Den betreffenden Abschnitt leitet Patteson mit einer wirtschaftspolitischen Betrachtung ein:

«In Switzerland handwork and home-made things are favored by the Government over factory products. People who make things in their own homes do not have to pay as high a tax as those do who make them on a large scale in factories. This is done to encourage people to be their own masters, instead of serving somebody who wants all the profits. For this reason many industries, such as weaving, knitting, braiding of straw, watchmaking, and wood-carving, are extensively carried on in homes, and every locality has some leading home industry.»

Eine sehr sinnvolle beschäftigungspolitische Massnahme. Heute würde diese Art von Selbstständigkeit von den AHV-Stellen wohl nicht mehr toleriert. Jedenfalls dann, wenn diese  Weberinnen, Strickerinnen, Strohflechter, Uhrenmacher und Holzschnitzer de facto im Home Office unter klaren Produktionsvorgaben eines immer gleichen Verlagsherren arbeiten (und von ihm auch die Rohseide beziehen). Anders sähe die Sache wohl aus, wenn sie glaubhaft machen könnten, dass das gesamte Risiko inklusive jenes der Nichtverkäuflichkeit der gewebten Stoffe an verschiedene Händler auf ihren Schultern lastete. Doch lesen wir weiter bei Patteson:

«The great home industry in my part of the country was silk-weaving, and it was pursued almost entirely by women. My Aunt Verena, Father’s older sister, had two daughters who were silk-weavers. Their looms were in a wing which had been added to their house for this especial purpose, and this room was to my childish notion the prettiest I had ever known. It was papered in blue and white, and the flowers were the lovely Swiss gentians. I loved to go there, too.»

Mit etwas genealogischer Arbeit in den Kirchenbüchern, kombiniert mit einem Blick in die Lagerbücher der kantonalen Gebäudeversicherung, könnte man nun wohl sogar herausfinden, wo sich das Haus dieser Tante Verena befand, in dessen Anbau mit Enzianmotiv-Tapete die Webstühle der beiden Töchter standen.
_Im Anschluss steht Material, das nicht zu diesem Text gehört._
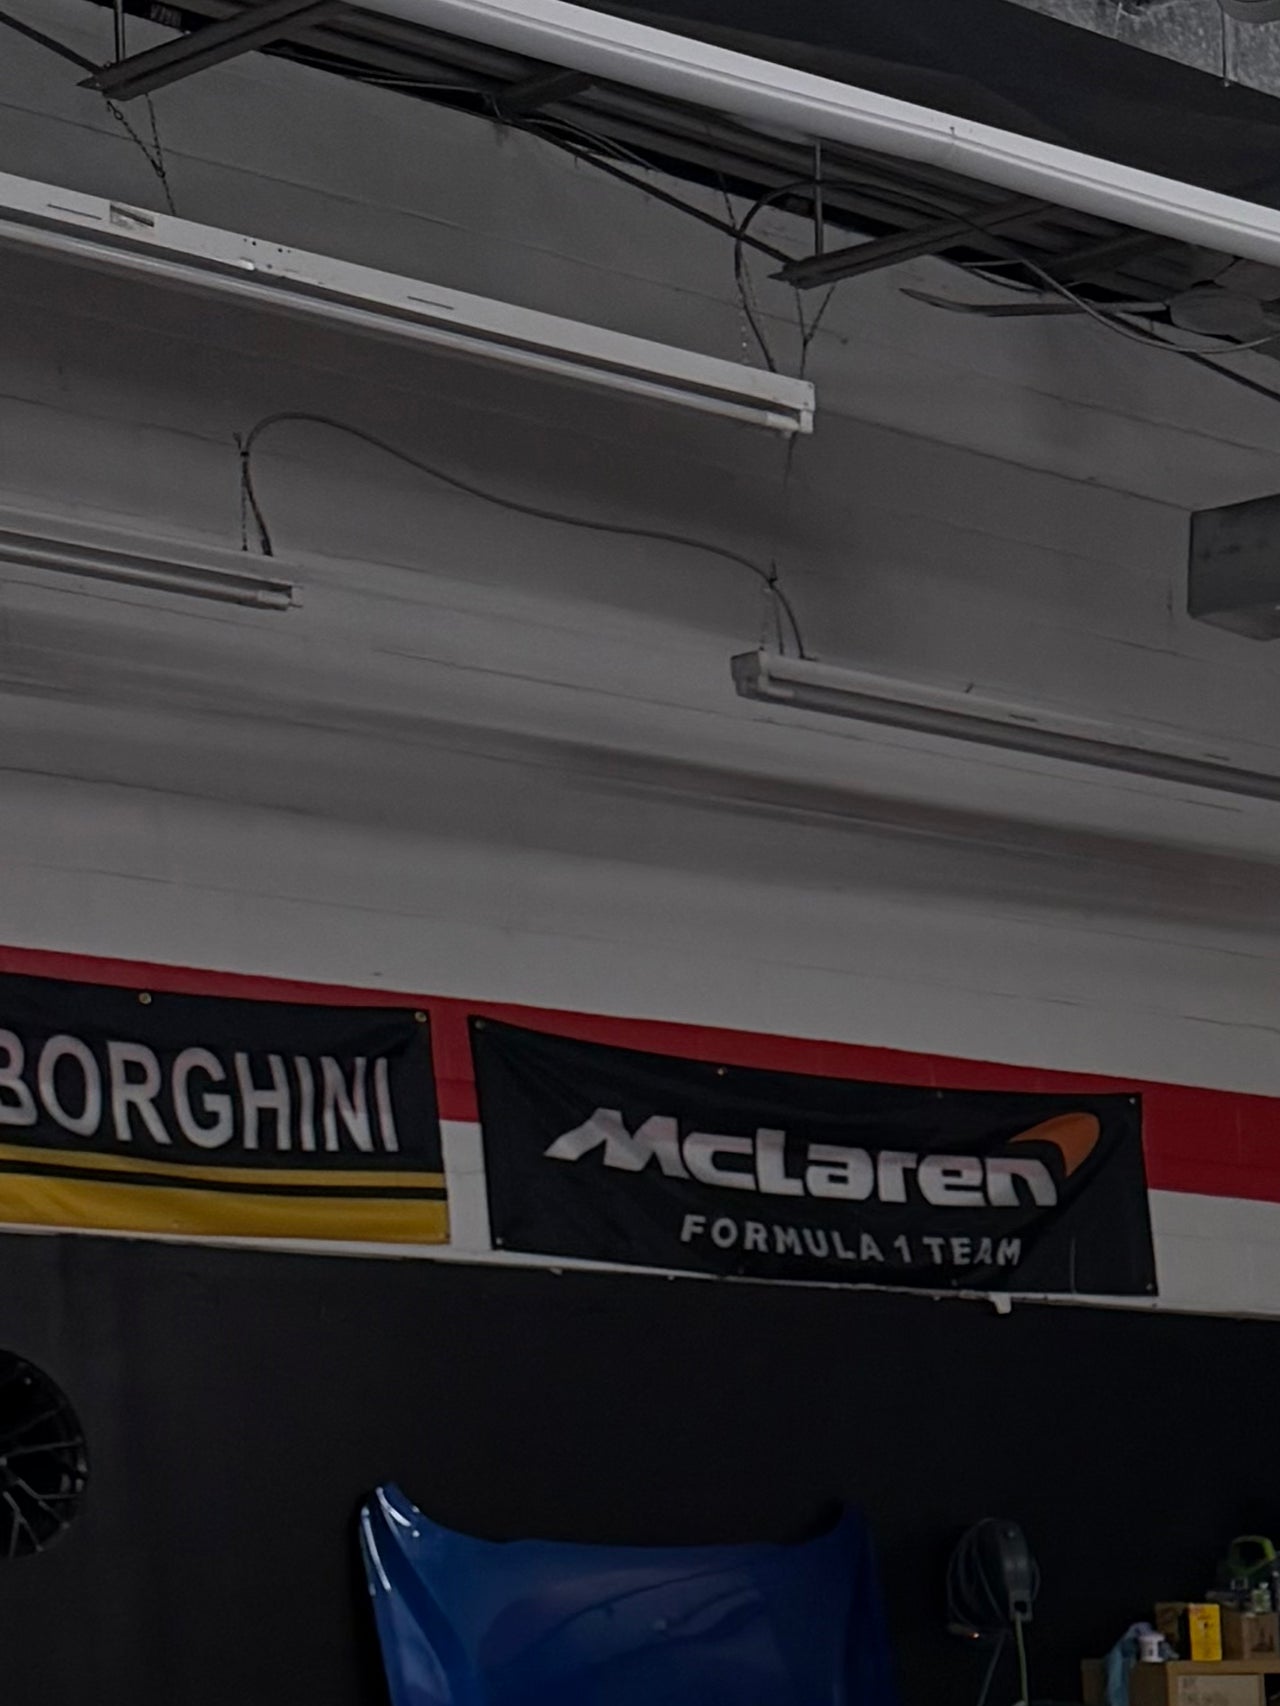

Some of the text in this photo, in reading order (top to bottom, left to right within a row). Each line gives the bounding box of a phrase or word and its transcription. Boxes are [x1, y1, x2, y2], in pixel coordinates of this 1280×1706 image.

Bei rund 40 Webstühlen, die es in dieser Zeit in Weiach gab, verwundert es nicht, dass diese beiden nicht die einzigen Bekannten der jungen Luisa Griesser waren, die sich als Seidenweberinnen betätigten:

«Another silk-weaver friend was Nenna, who had her loom in the living-room. The walls in her house were not so pretty as those at my cousins’; they were finished in wood, and looked dark and gloomy.
Every day Nenna sat at her loom, just as my cousins did, plying a shuttle from side to side. She made a web of silk, and so did my cousins, about once a month, as I heard them say. Every so often the three went away somewhere all dressed up, each carrying an immense roll of something on top of the head. It was the bolt of silk cloth that they had woven, and they were taking it to the city, five hours distant.
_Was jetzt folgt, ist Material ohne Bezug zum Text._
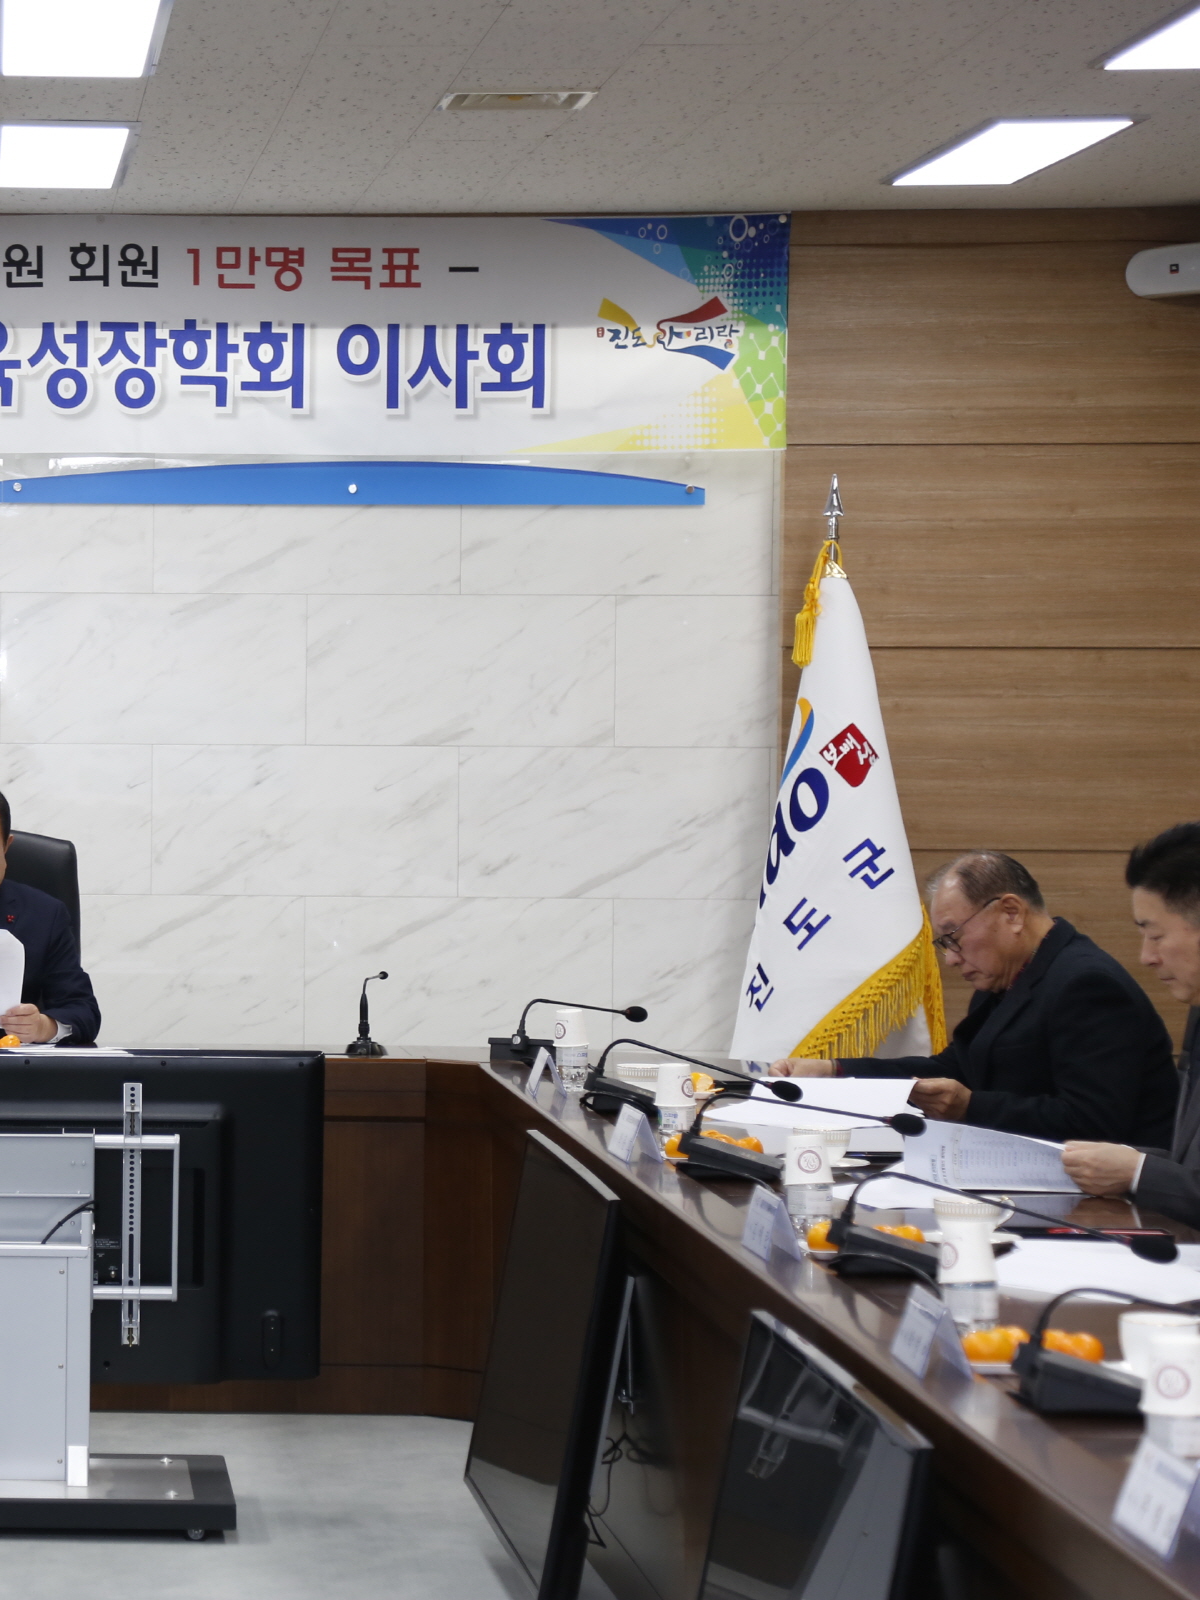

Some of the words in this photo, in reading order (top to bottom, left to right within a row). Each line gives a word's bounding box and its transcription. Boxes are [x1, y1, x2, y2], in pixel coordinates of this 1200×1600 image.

[68, 242, 160, 288] 회원
[187, 246, 304, 291] 1만명
[331, 246, 421, 289] 목표
[336, 322, 546, 410] 이사회
In those days distances were measured by hours, and an hour was about three American miles. Now distances are measured by the metric system.»

In der beschriebenen Zeit gab es noch keine Eisenbahn ins Zürcher Unterland. Man musste den Weg in die Stadt Zürich unter die Füsse nehmen, je rund fünf Stunden hin und zurück. Und wie in afrikanischen Ländern heute noch üblich mit den Waren auf dem Kopf. Das änderte sich erst am 1. Mai 1865, als die sog. Herdöpfelbahn ihren Betrieb aufnahm. Wer es sich leisten konnte, nahm ab Niederglatt den Zug.

Quelle und weiterführende Literatur
  • S. Louise Patteson: When I Was a Girl In Switzerland. Lothrop, Lee & Shepard Co.,
    Boston 1921 [Elektronische Fassung auf archive.org; 
    PDF, 11 MB] – S. 13-15.
  • Meier, Th.: Handwerk, Hauswerk, Heimarbeit. Nicht-agrarische Tätigkeiten und Erwerbsformen in einem traditionellen Ackerbaugebiet des 18. Jahrhunderts (Zürcher Unterland). Diss. Univ. Zürich. Chronos, Zürich 1986.